The Department claims that the records are exempt under section 30(1)(c) of the FOI Act. Section 30(1)(c) allows an FOI body to refuse to grant an FOI request if access to the record could, in the opinion of the head, reasonably be expected to disclose positions taken, or to be taken, or plans, procedures, criteria or instructions used or followed, or to be used or followed, for the purpose of any negotiations carried on or being, or to be, carried on by or on behalf of the Government or an FOI body. Section 30(1) is subject to a public interest test under section 30(2).

It is important to note that this exemption does not contain a harm test. It is sufficient that access to the record concerned could reasonably be expected to disclose such negotiation positions, plans etc. An FOI body relying on section 30(1)(c) should identify the relevant negotiations at issue. Section 30(1)(c) makes no distinction between disclosures which have the potential to prejudice current or future negotiations or to cause some other harm and disclosures which do not. The Commissioner has also distinguished between disclosing the existence of a fact and disclosing a position or plan used for the purposes of negotiations.

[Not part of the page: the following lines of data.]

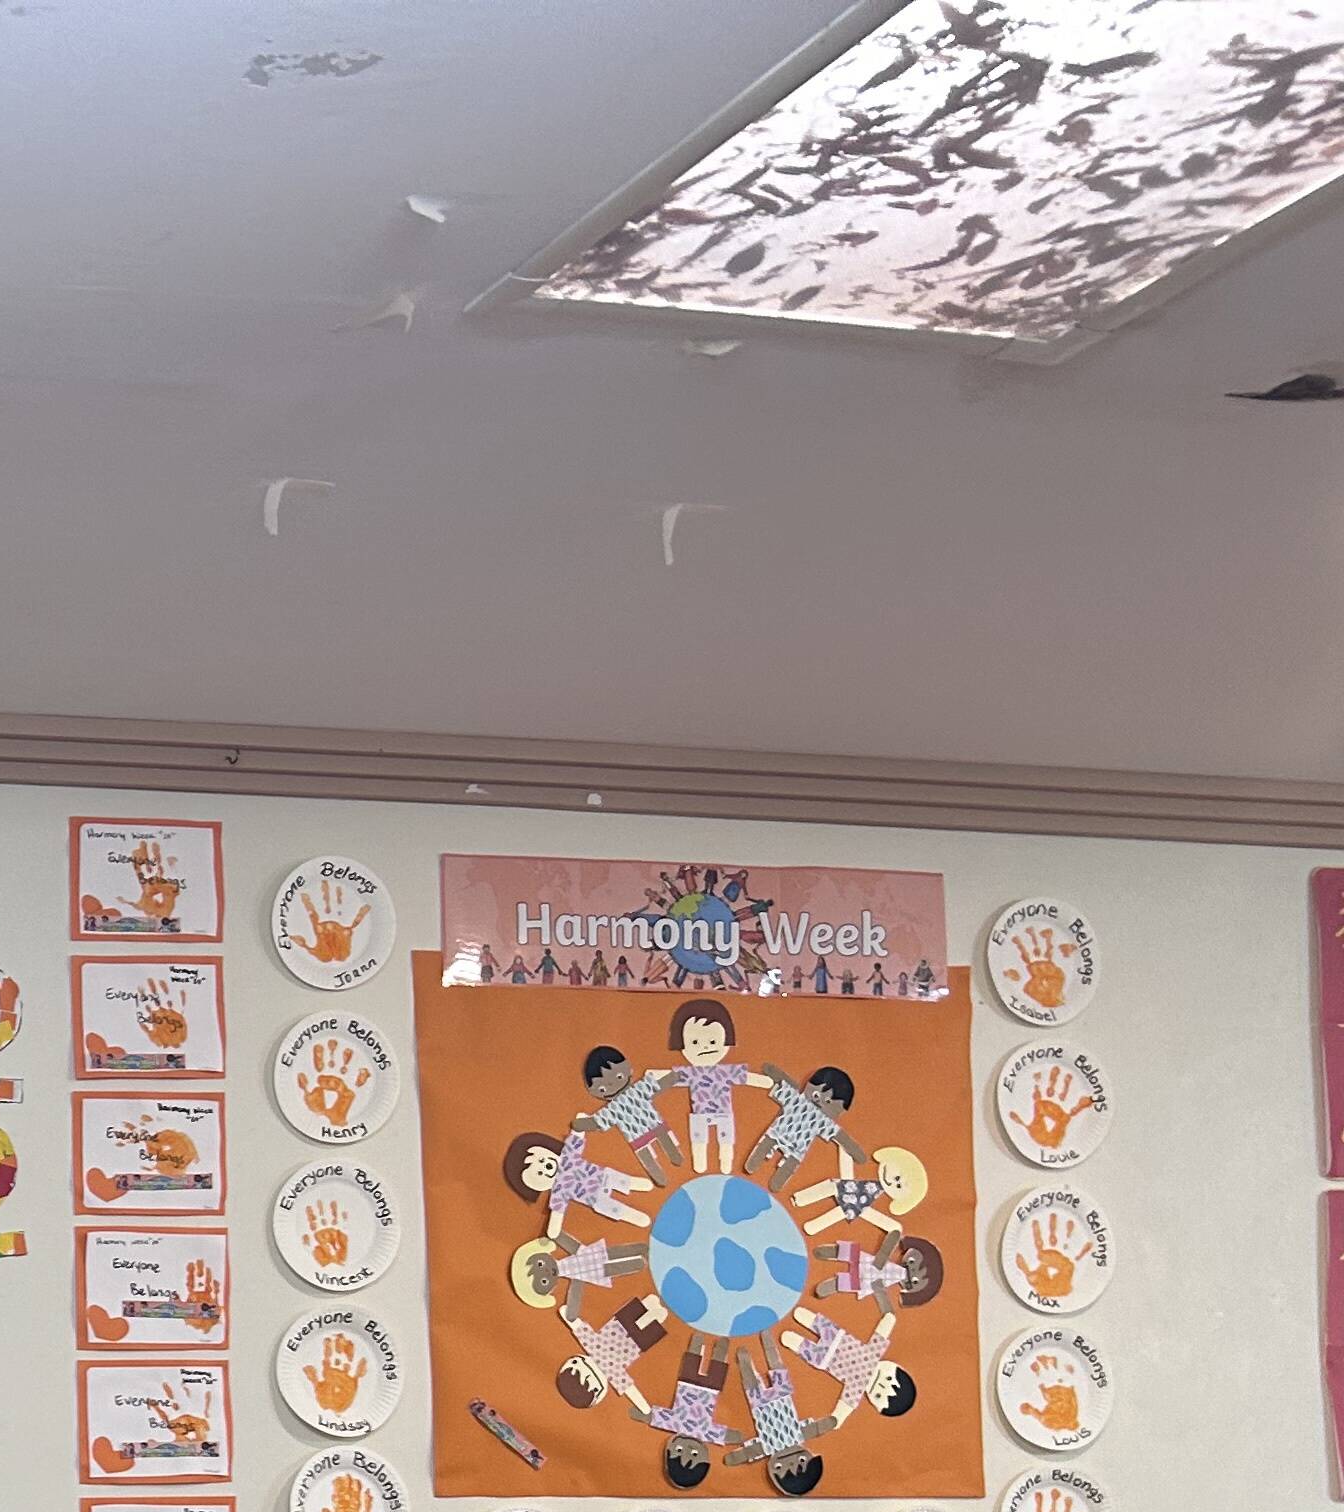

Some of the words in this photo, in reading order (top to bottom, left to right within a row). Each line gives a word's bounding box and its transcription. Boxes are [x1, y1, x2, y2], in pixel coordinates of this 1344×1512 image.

[516, 902, 740, 967] Harmony
[760, 910, 889, 957] Week
[281, 1018, 338, 1068] Everyone
[347, 1020, 392, 1072] Belongs
[1003, 1047, 1063, 1093] Everyone
[1074, 1055, 1108, 1113] Belongs
[321, 1122, 368, 1139] Henry
[280, 1164, 343, 1211] Everyone
[354, 1168, 393, 1227] Belongs
[314, 1267, 374, 1286] Vincent
[1051, 1469, 1104, 1505] Belongs
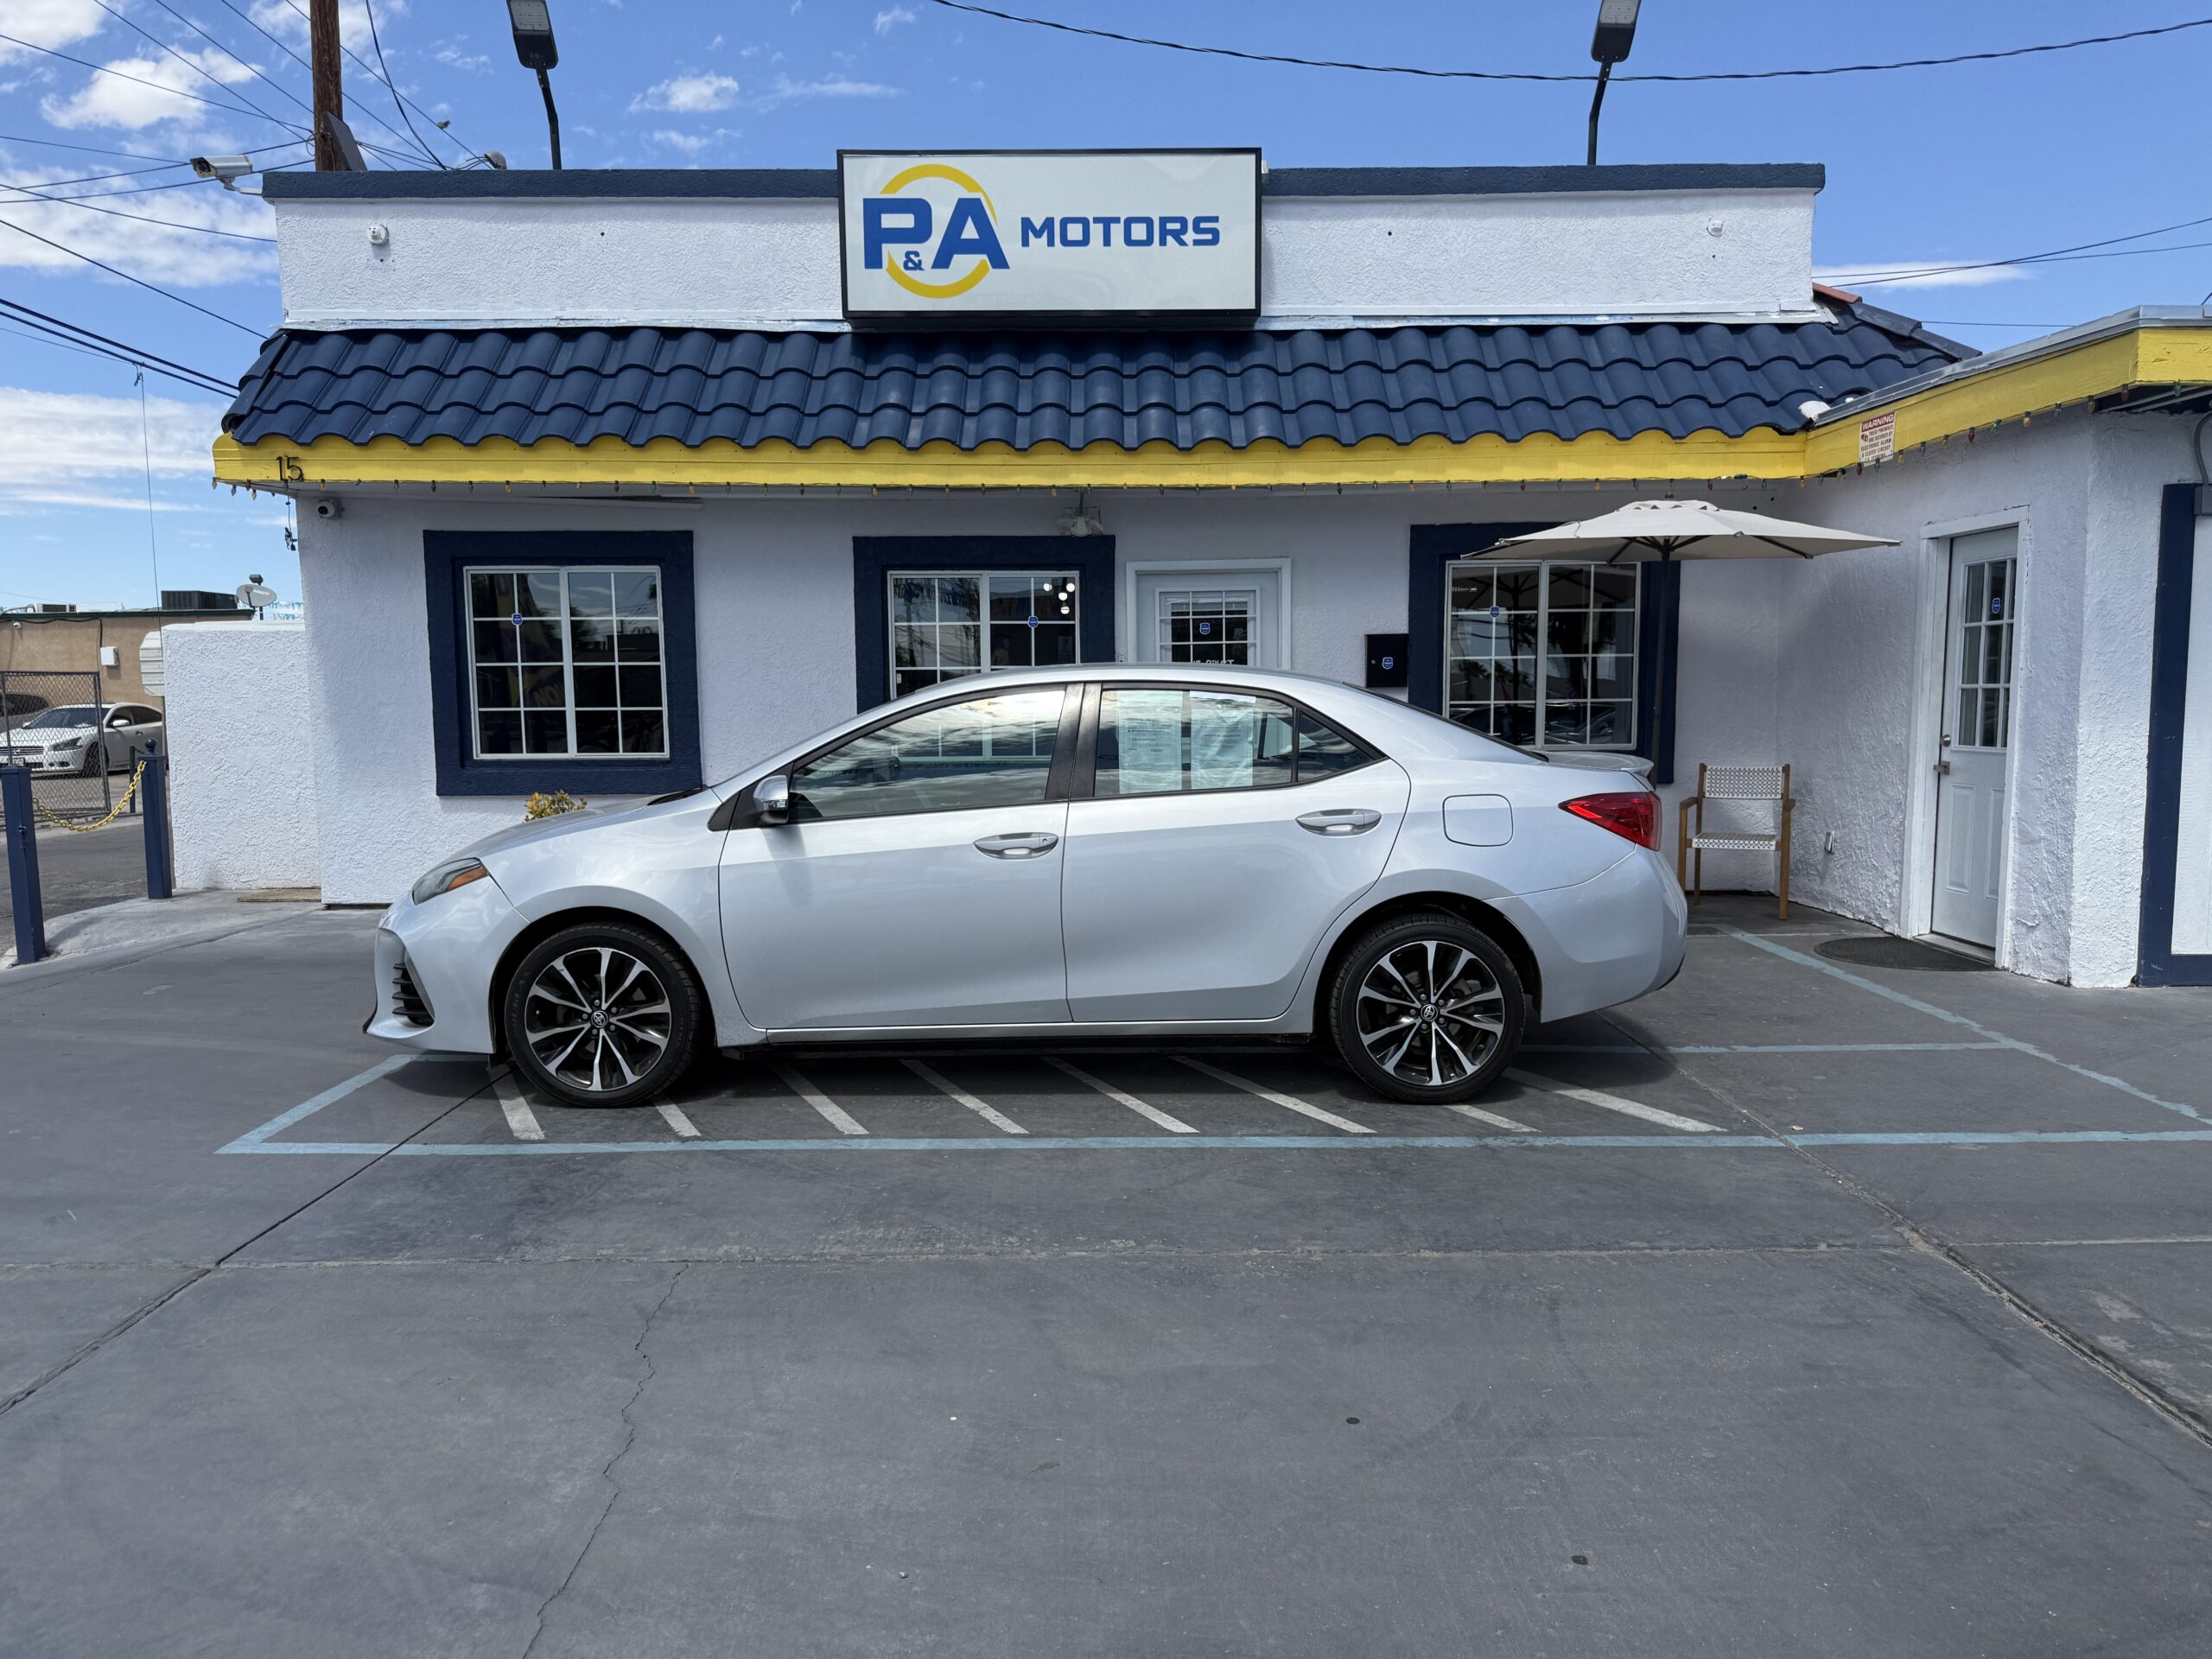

The Department says that release could reasonably be expected to result in third parties becoming aware of the IRCG’s position in relation to issues involving negotiations. It says that it is of significant organisational importance that the IRCG can discuss such issues openly internally in order to agree positions with Senior Managers prior to mutual agreements being reached. However, the Department has not pointed to any positions taken or plans, procedures etc. to be used for the purpose of negotiations. Neither is this apparent to me on my own examination of the content of the record, which seems to me to disclose facts rather than positions or plans used for the purposes of negotiations. In the circumstances, there is no basis for me to find that section 30(1)(c) applies to the record. I am therefore not required to consider the public interest test under section 30(2). I find that the Department was not justified in refusing access to the record under section 30(1)(c).

 

Decision

Having carried out a review under section 22(2) of the FOI Act, I annul the Department’s decision and direct the release of the record.

 

Right of Appeal

Section 24 of the FOI Act sets out detailed provisions for an appeal to the High Court by a party to a review, or any other person affected by the decision.  In summary, such an appeal, normally on a point of law, must be initiated not later than four weeks after notice of the decision was given to the person bringing the appeal.